Symptoms of a pyrimethamine overdose may include abdominal pain, nausea, severe vomiting (possibly with blood in the vomit), anxiety or excitability, and seizures.
There are no restrictions on foods, beverages, or activities during treatment with pyrimethamine unless otherwise directed by your doctor.
Other, less serious side effects may be more likely to occur. Continue to take pyrimethamine and talk to your doctor if you experience
nausea, vomiting, or loss of appetite;
dryness of the mouth.
This is not a complete list of side effects and others may occur. Call your doctor for medical advice about side effects. You may report side effects to FDA at 1-800-FDA-1088.
Usual Adult Dose for Malaria Prophylaxis:
25 mg orally once a week. Prophylaxis should begin one week prior to departure and continue for at least 6 to 10 weeks following exposure.
Usual Adult Dose for Toxoplasmosis:
Initially: 50 to 75 mg orally once a day with 1 to 4 g of a sulfonamide (e.g., sulfadoxine, sulfadiazine). Continue for 1 to 3 weeks, depending on response and tolerance. Dosage for each drug may then be reduced by one-half and continued for an additional 4 or 5 weeks. Patients receiving pyrimethamine should also receive folinic acid.
Usual Adult Dose for Toxoplasmosis -- Prophylaxis:
1 mg/kg or 15 mg/m2 (max 25 mg) orally every day plus folinic acid (leucovorin) 5 mg orally every 3 days plus sulfadiazine 85 to 120 mg/kg/day divided into 2 to 4 oral doses. Clindamycin 20 to 30 mg/kg/day may be used in place of sulfadiazine as an alternative regimen.
Usual Adult Dose for Pneumocystis Pneumonia Prophylaxis:
50 to 75 mg orally once a week.
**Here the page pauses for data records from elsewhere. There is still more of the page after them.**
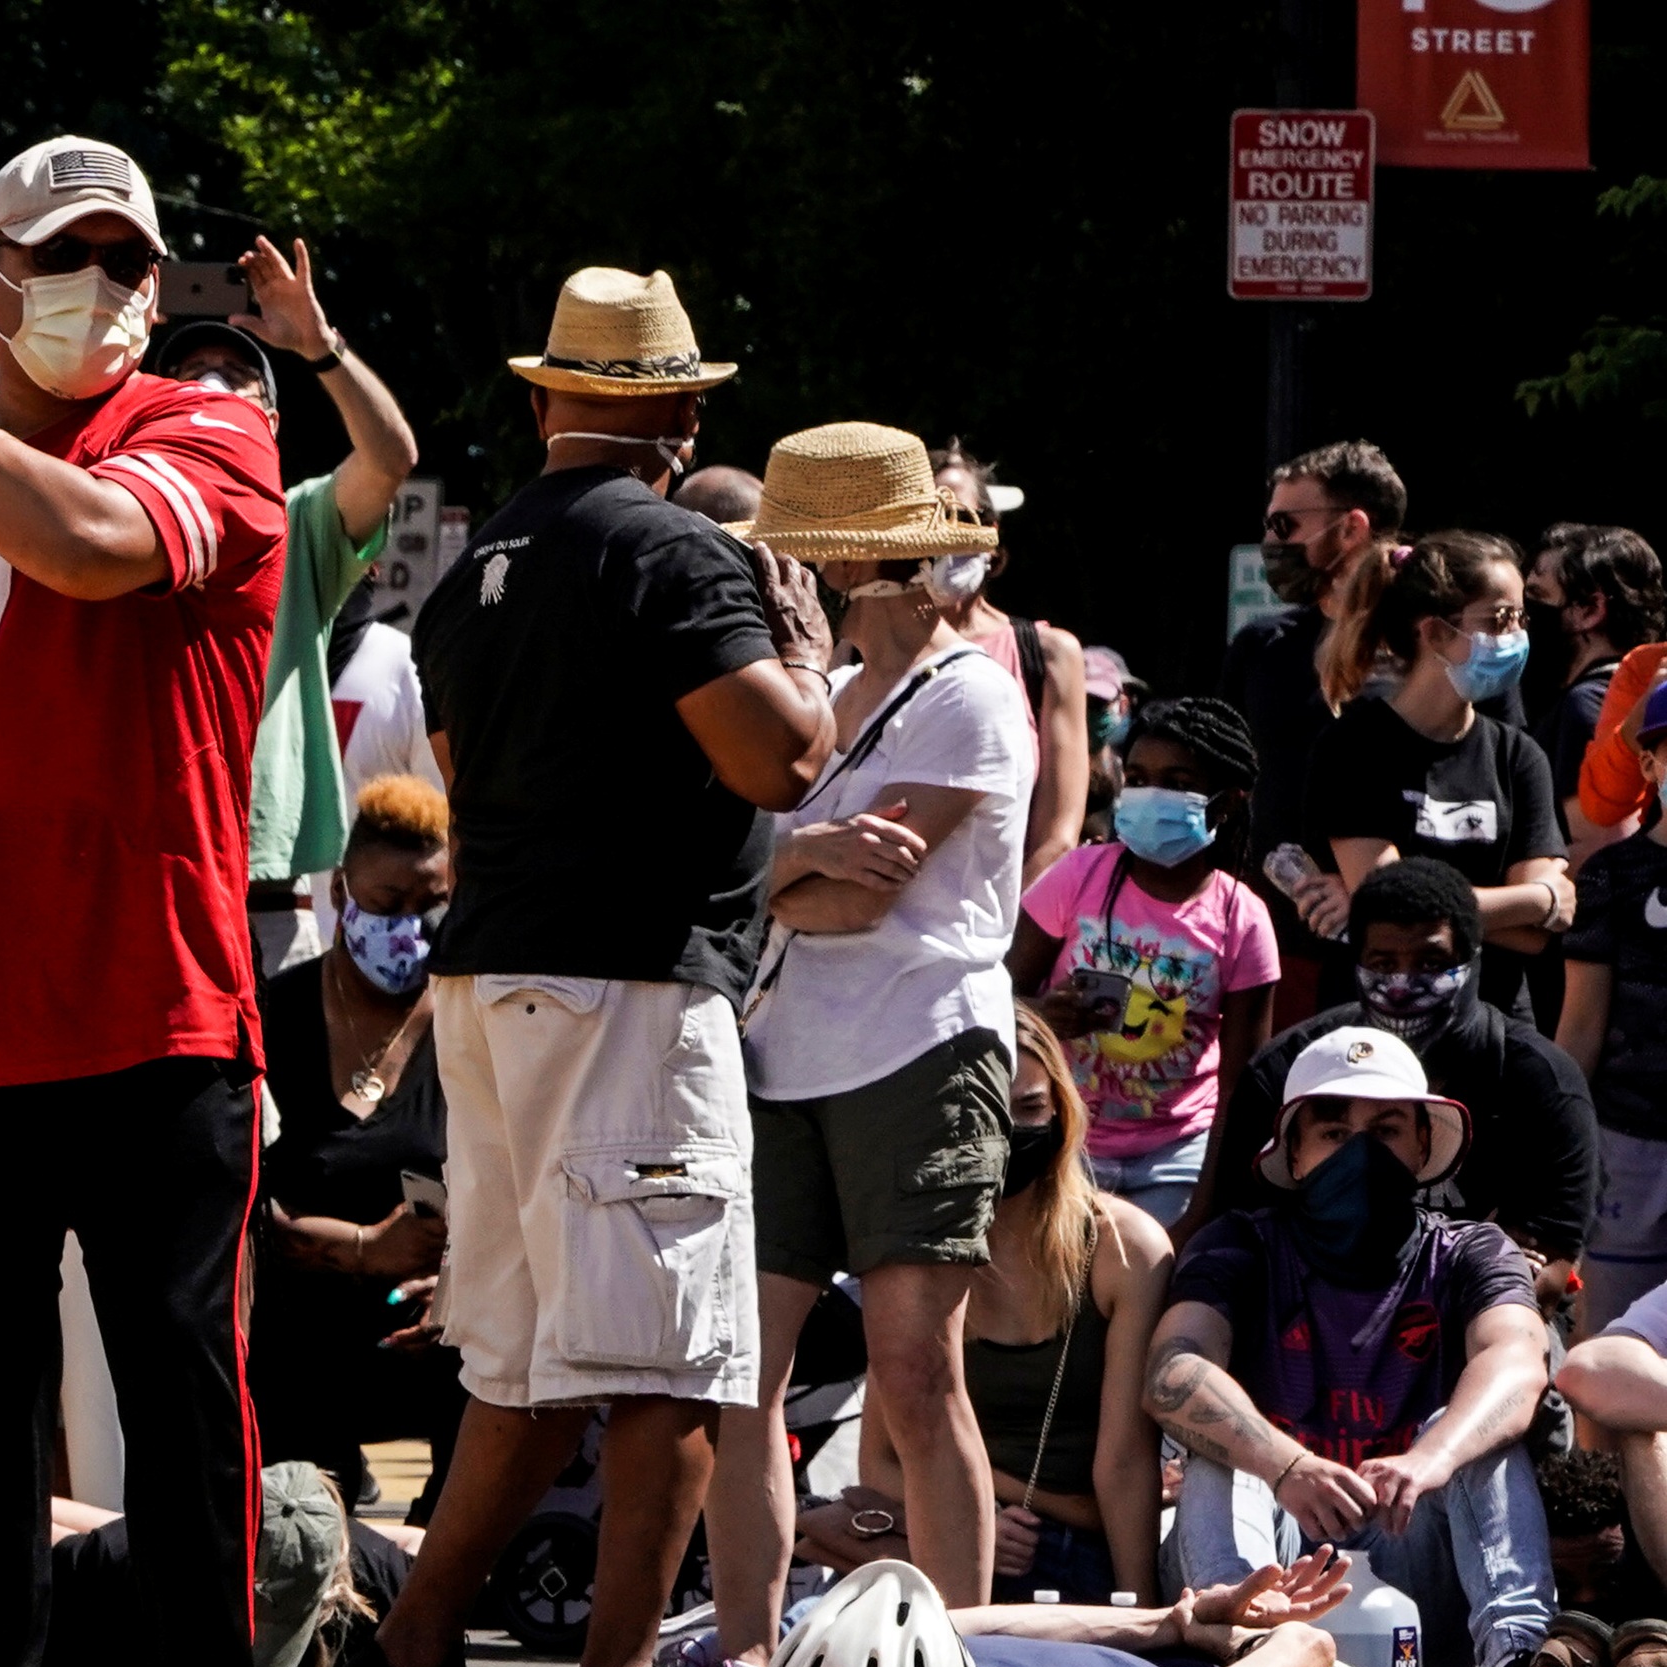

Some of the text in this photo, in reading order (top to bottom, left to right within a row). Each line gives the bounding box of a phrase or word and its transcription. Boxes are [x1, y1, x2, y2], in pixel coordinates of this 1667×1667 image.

[1410, 28, 1535, 54] STREET
[1258, 120, 1346, 147] SNOW
[1239, 149, 1364, 169] EMERGENCY
[1248, 171, 1355, 199] ROUTE
[1240, 205, 1363, 227] NO PARKING
[1264, 231, 1338, 252] DURING
[1239, 255, 1362, 277] EMERGENCY
[1331, 1389, 1384, 1429] Fly
Pyrimethamine is used in combination with dapsone and leucovorin. This is considered an alternative regimen for patients who do not tolerate trimethoprim-sulfamethoxazole.
Usual Pediatric Dose for Malaria Prophylaxis:
Less than 4 years: 6.25 mg orally once a week.4 to 10 years: 12.5 mg orally once a week.
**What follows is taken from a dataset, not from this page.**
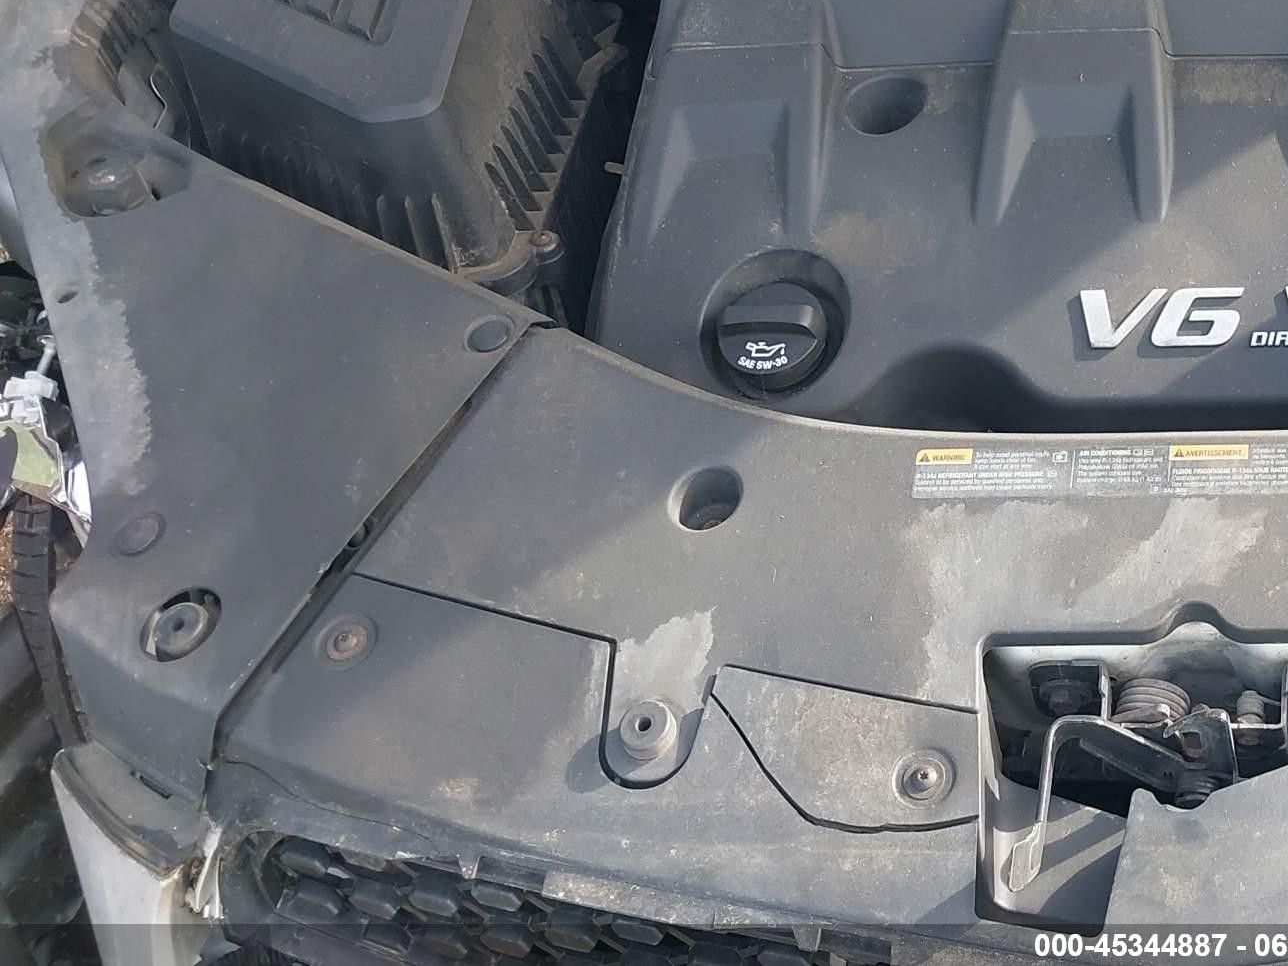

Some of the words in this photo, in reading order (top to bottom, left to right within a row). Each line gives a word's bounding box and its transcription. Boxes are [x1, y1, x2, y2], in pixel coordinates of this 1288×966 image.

[1079, 287, 1245, 348] V6
[737, 356, 756, 369] SAE
[756, 355, 788, 370] 5W-30
[1185, 449, 1242, 457] AVERTISSEMENT
Usual Pediatric Dose for Toxoplasmosis:
Newborns and infants: Initial: 2 mg/kg/day orally divided every 12 hours for 2 days, then 1 mg/kg/day once daily given with sulfadiazine for the first 6 months; next 6 months: 1 mg/kg/day 3 times per week with sulfadiazine; oral folinic acid 5 to 10 mg 3 times per week should be administered to prevent hematological toxicity. 1 to 12 years: 2 mg/kg/day divided every 12 hours for 3 days followed by 1 mg/kg/day (maximum 25 mg/day) once daily or divided twice daily for 4 weeks given with sulfadiazine; oral folinic acid 5 to 10 mg 3 times per week should be administered to prevent hematological toxicity.
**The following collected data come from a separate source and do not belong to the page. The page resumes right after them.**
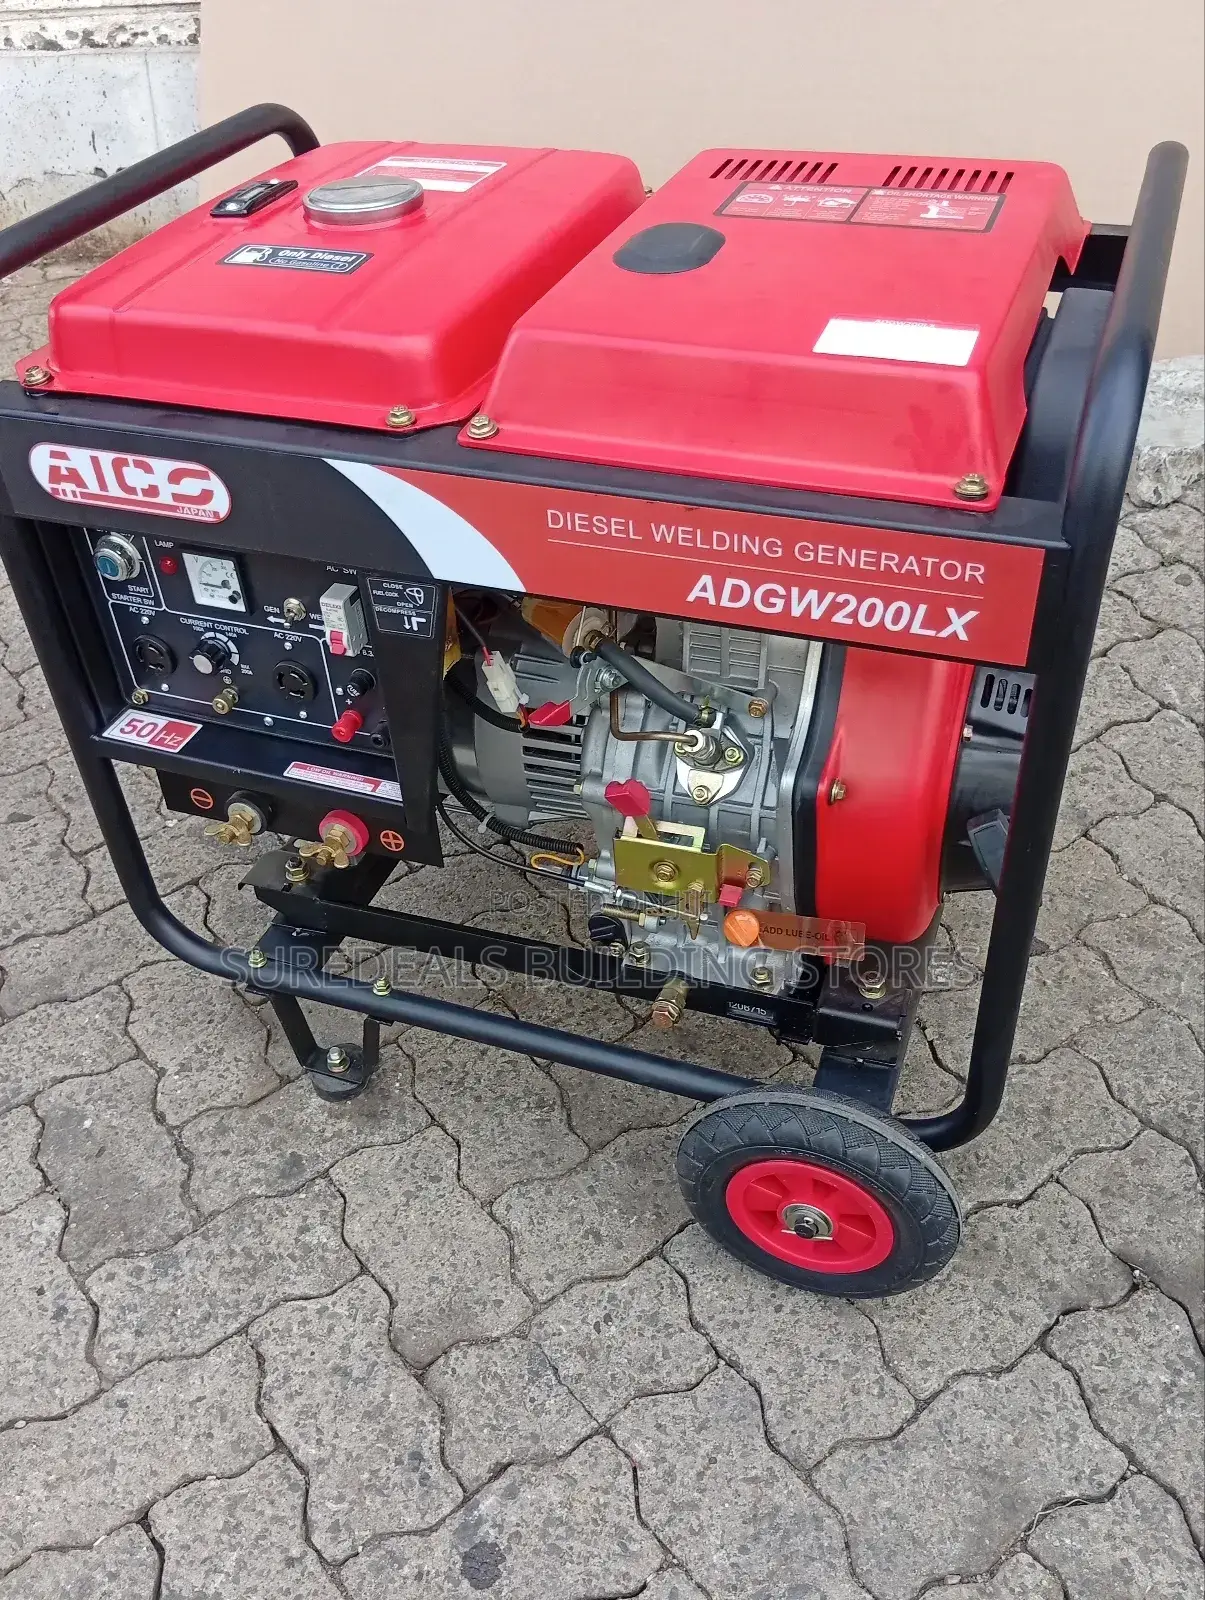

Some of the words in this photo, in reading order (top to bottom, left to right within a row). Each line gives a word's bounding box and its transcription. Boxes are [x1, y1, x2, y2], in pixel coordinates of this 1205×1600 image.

[784, 186, 852, 194] ATTENTION
[903, 191, 952, 200] SHORTAGE
[954, 193, 999, 202] WARNING
[278, 249, 311, 259] Only
[310, 252, 357, 262] Diesel
[289, 259, 330, 269] Gasoline
[48, 449, 214, 506] AICS
[176, 505, 215, 519] JAPAN
[154, 540, 174, 549] LAMP
[547, 509, 642, 540] DIESEL
[651, 523, 783, 558] WELDING
[794, 541, 985, 585] GENERATOR
[128, 585, 149, 594] START
[111, 592, 143, 604] STARTER
[129, 606, 139, 614] AC
[263, 605, 280, 614] GEN
[375, 607, 416, 616] DECOMPRESS
[686, 573, 981, 642] ADGW200LX
[180, 617, 213, 629] CURRENT
[214, 623, 249, 635] CONTROL
[273, 631, 285, 639] AC
[119, 717, 158, 739] 50
[155, 730, 184, 746] Hz
[763, 926, 783, 936] ADD
Before taking pyrimethamine, tell your doctor if you are taking any of the following medicines:
aurothioglucose (Solganal); or
or gold sodium thiomalate (Aurolate, Myochrysine).
You may not be able to take pyrimethamine, or you may require a dosage adjustment or special monitoring during treatment.
Drugs other than those listed here may also interact with pyrimethamine. Talk to your doctor and pharmacist before taking any prescription or over-the-counter medicines, including herbal products.